Step 4. Optionally configure MERGE into the target table.
By default load flow INSERTS data into the destination table. To configure MERGE:
1. Click the MAPPING button.
2. Set Action to Record with MERGE, enable Predict lookup fields.
If you want to optimize the performance of the MERGE and are willing to skip the DELETE operations enable Do not execute DELETE when Action is Record with MERGE. When this option is enabled the flow combines INSERT and UPDATE operarions into the single SQL call and bundles multiple MERGE calls together using the JDBC batch interface. It ignores DELETE events. When this option is disabled the flow executes each INSERT, UPDATE and DELETE statement individually which has a significant impact on performance.
Note: Some databases, specifically PostgreSQL and MySQL require tables to have primary keys or unique indexes to perform MERGE operations.
If you want to MERGE data into the target tables in PostgreSQL or MySQL and tables do not exist yet you can set Action to Record, instead of Record with MERGE. Note that is slower than Record with MERGE.
Step 5. Configure flow to automatically handle source schema changes.
The load flow always creates a table in the target database if it does not exist.
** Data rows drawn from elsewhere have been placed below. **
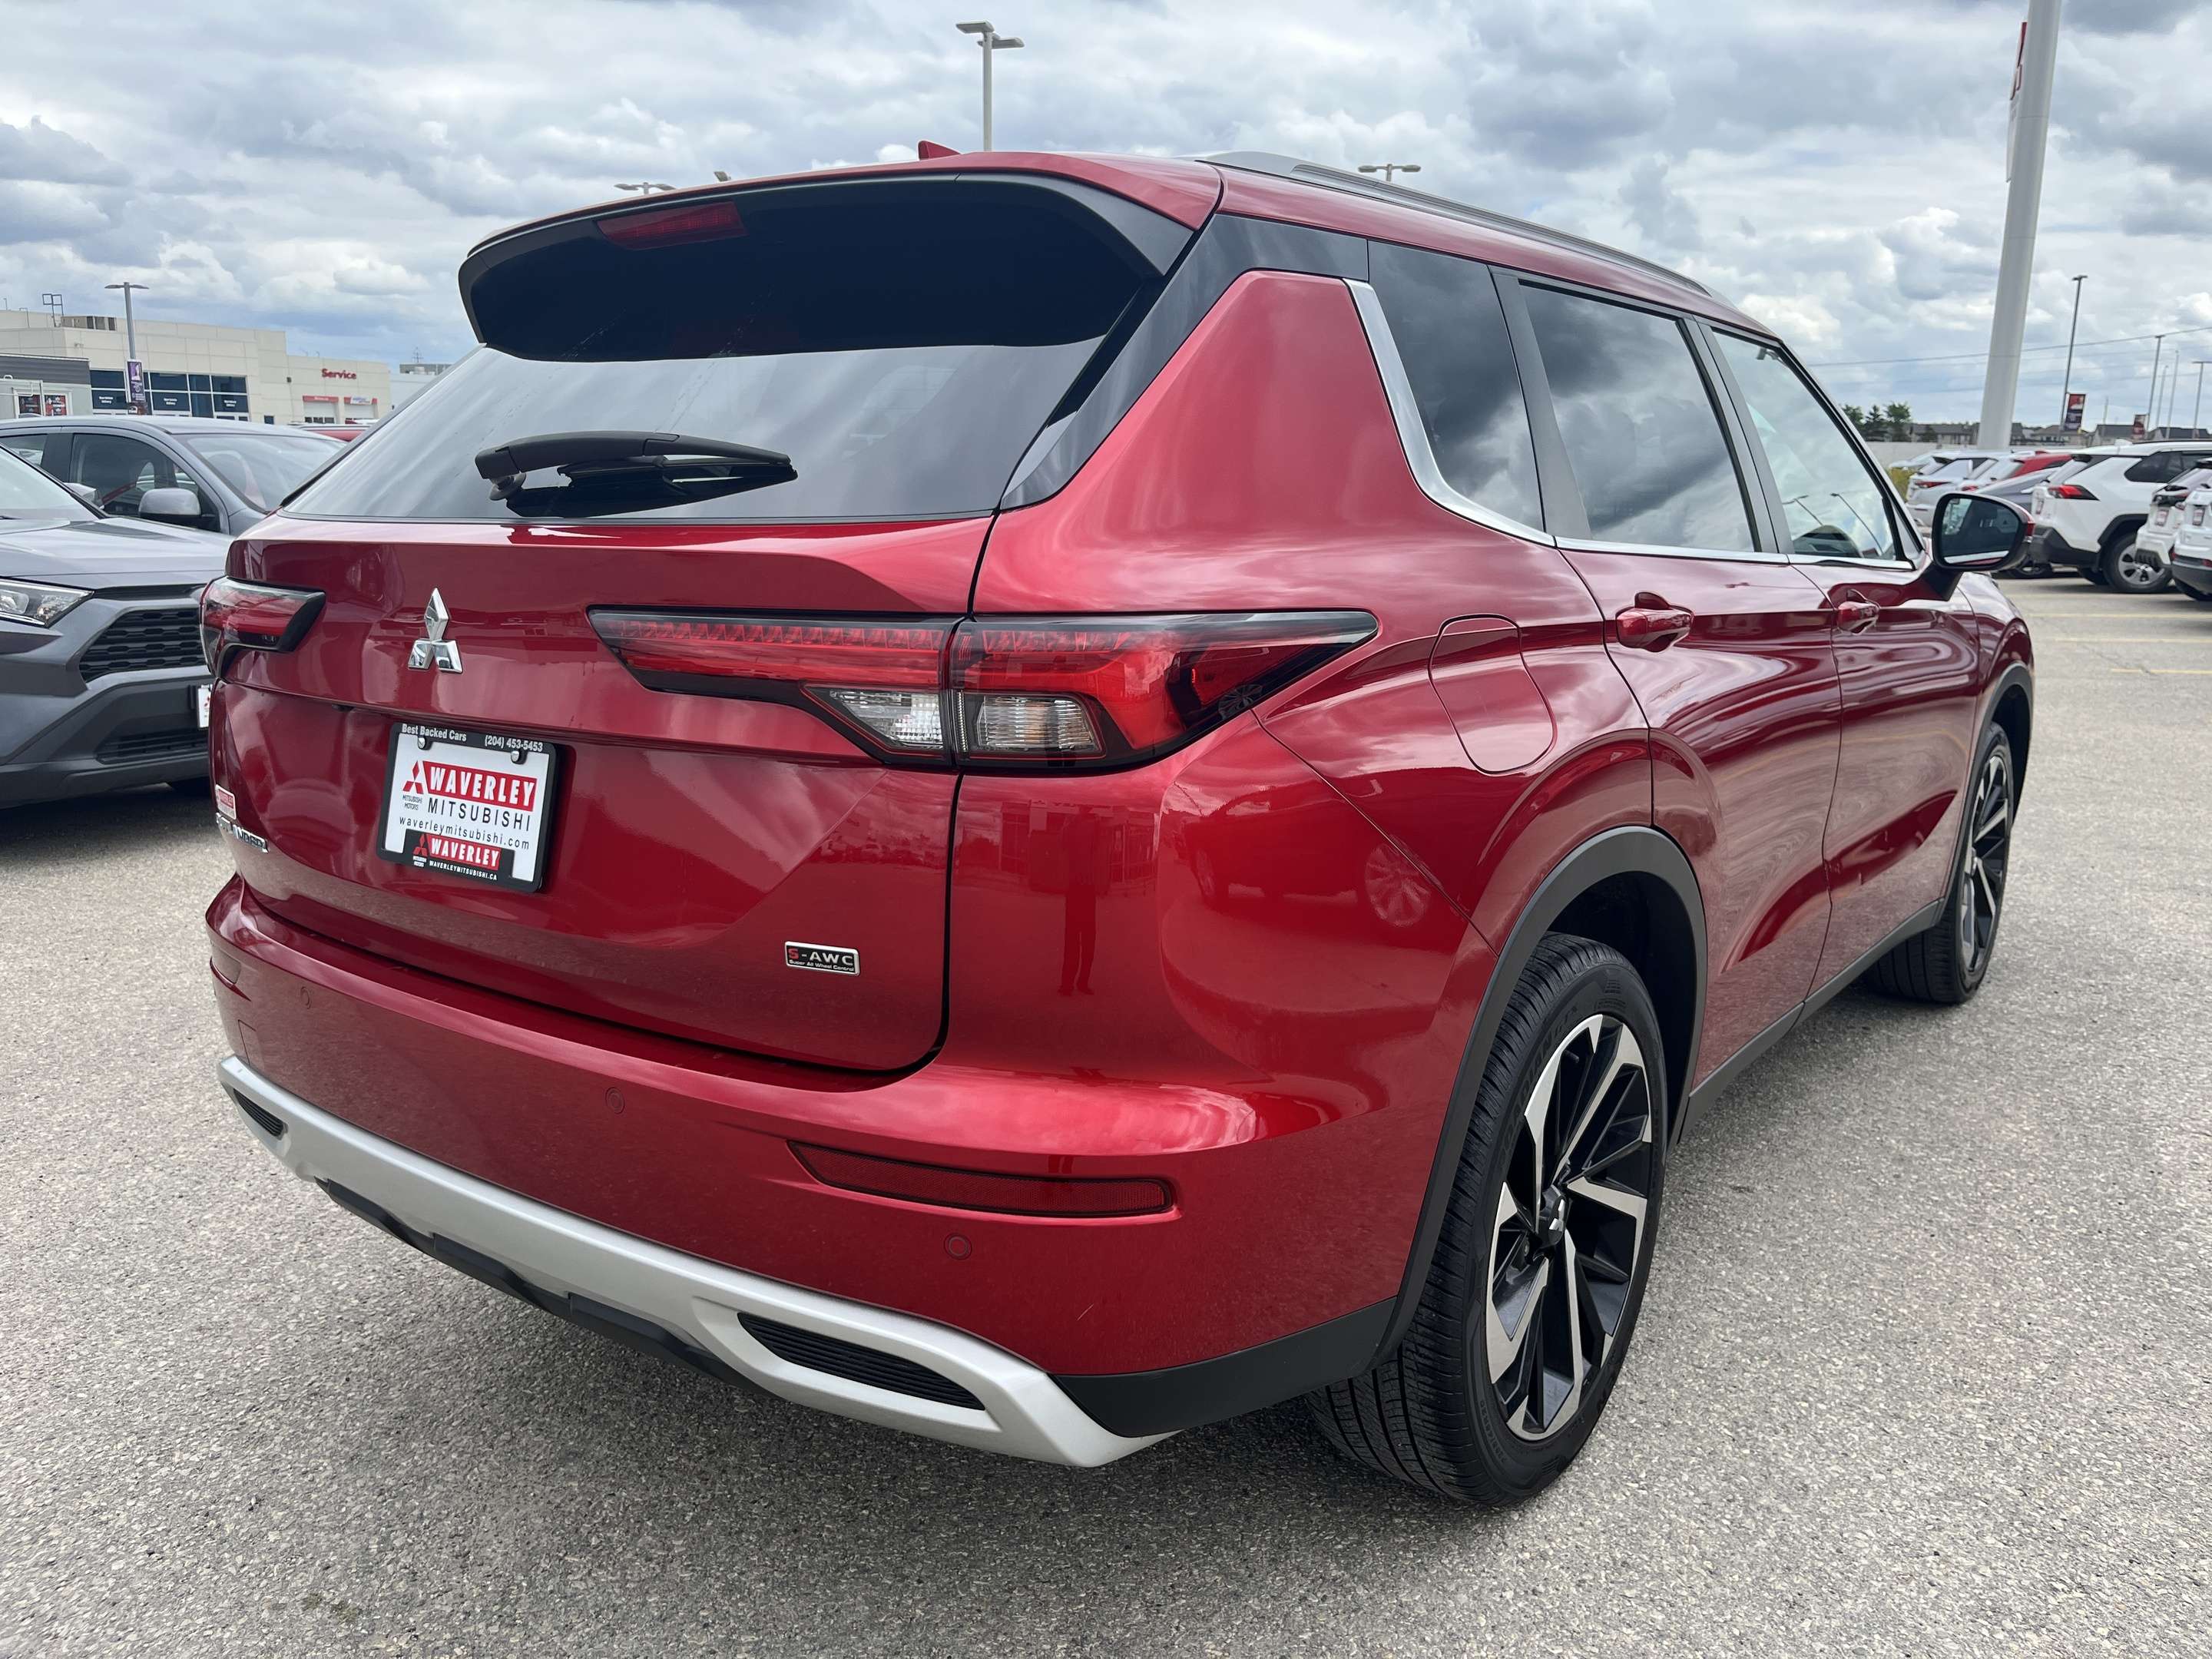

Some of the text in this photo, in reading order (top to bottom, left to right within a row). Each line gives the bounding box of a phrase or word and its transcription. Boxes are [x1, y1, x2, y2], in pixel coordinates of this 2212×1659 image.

[322, 368, 357, 379] Service
[402, 724, 543, 752] Best Backed Cars (204) 453-5453
[430, 766, 535, 806] WAVERLEY
[428, 797, 531, 832] MITSUBISHI
[399, 816, 529, 850] waverleymitsubishi.com
[431, 837, 500, 867] WAVERLEY
[429, 860, 498, 880] WAVERLEYMITSUBISHI.CA
[788, 948, 853, 966] S-AWC
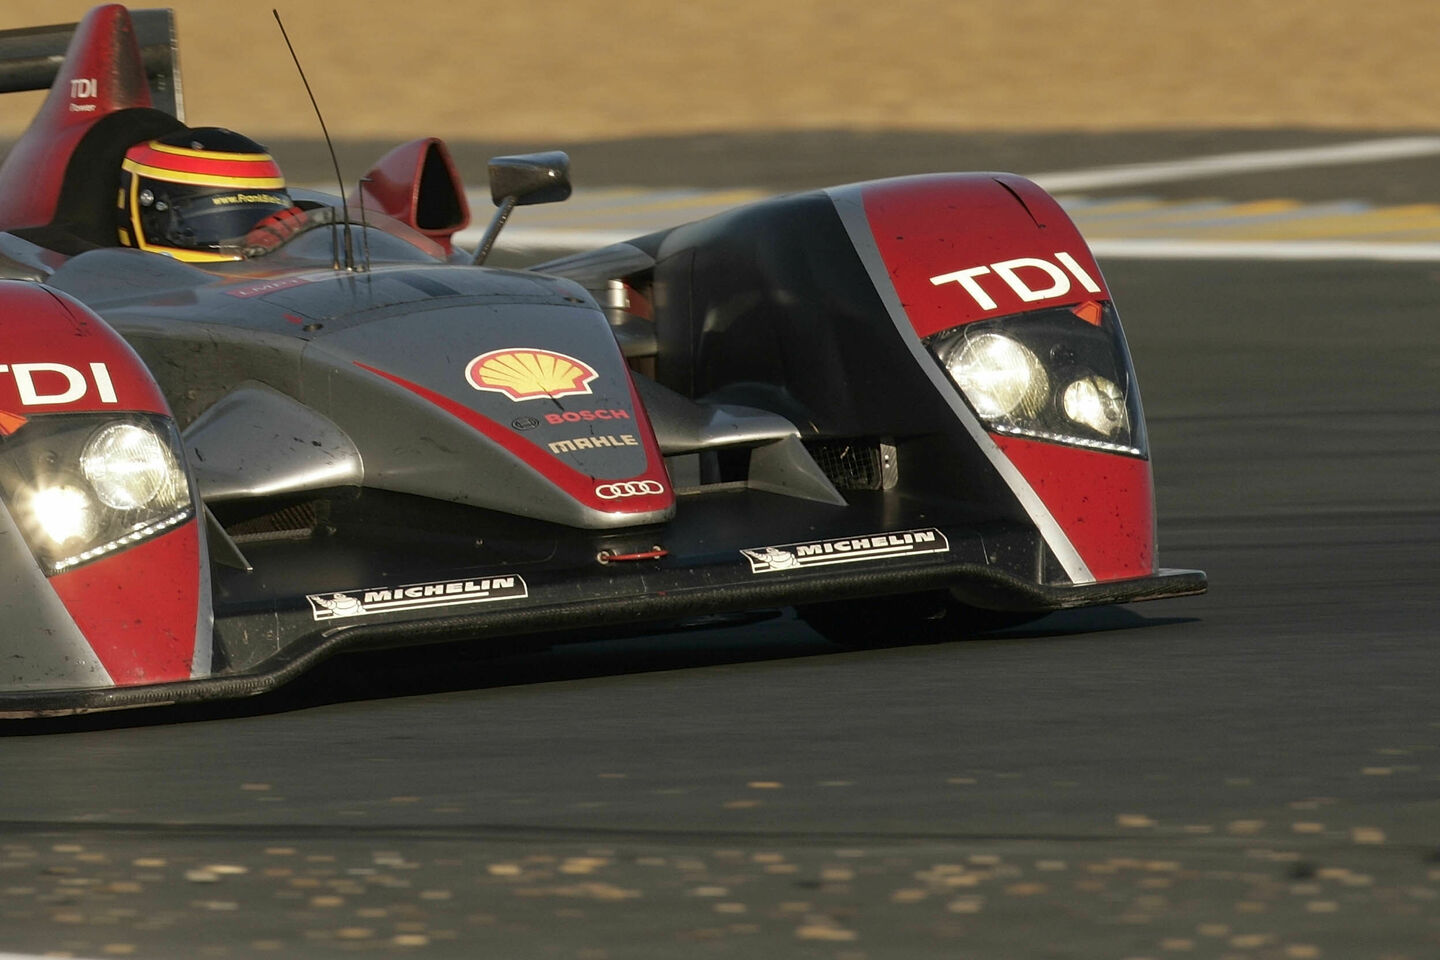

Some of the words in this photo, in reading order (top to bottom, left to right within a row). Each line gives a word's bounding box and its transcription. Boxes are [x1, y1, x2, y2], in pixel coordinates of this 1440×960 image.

Enable Alter target table if the source has columns that the target table doesn't have to automatically add missing columns to the target table.
You can now execute the Load flow manually.
Step 6. Schedule load flow.
Schedule flow to run as often as needed. These are the options:
- Run flow periodically (as often as once a minute).
- Run flow continuously (as often as once a second).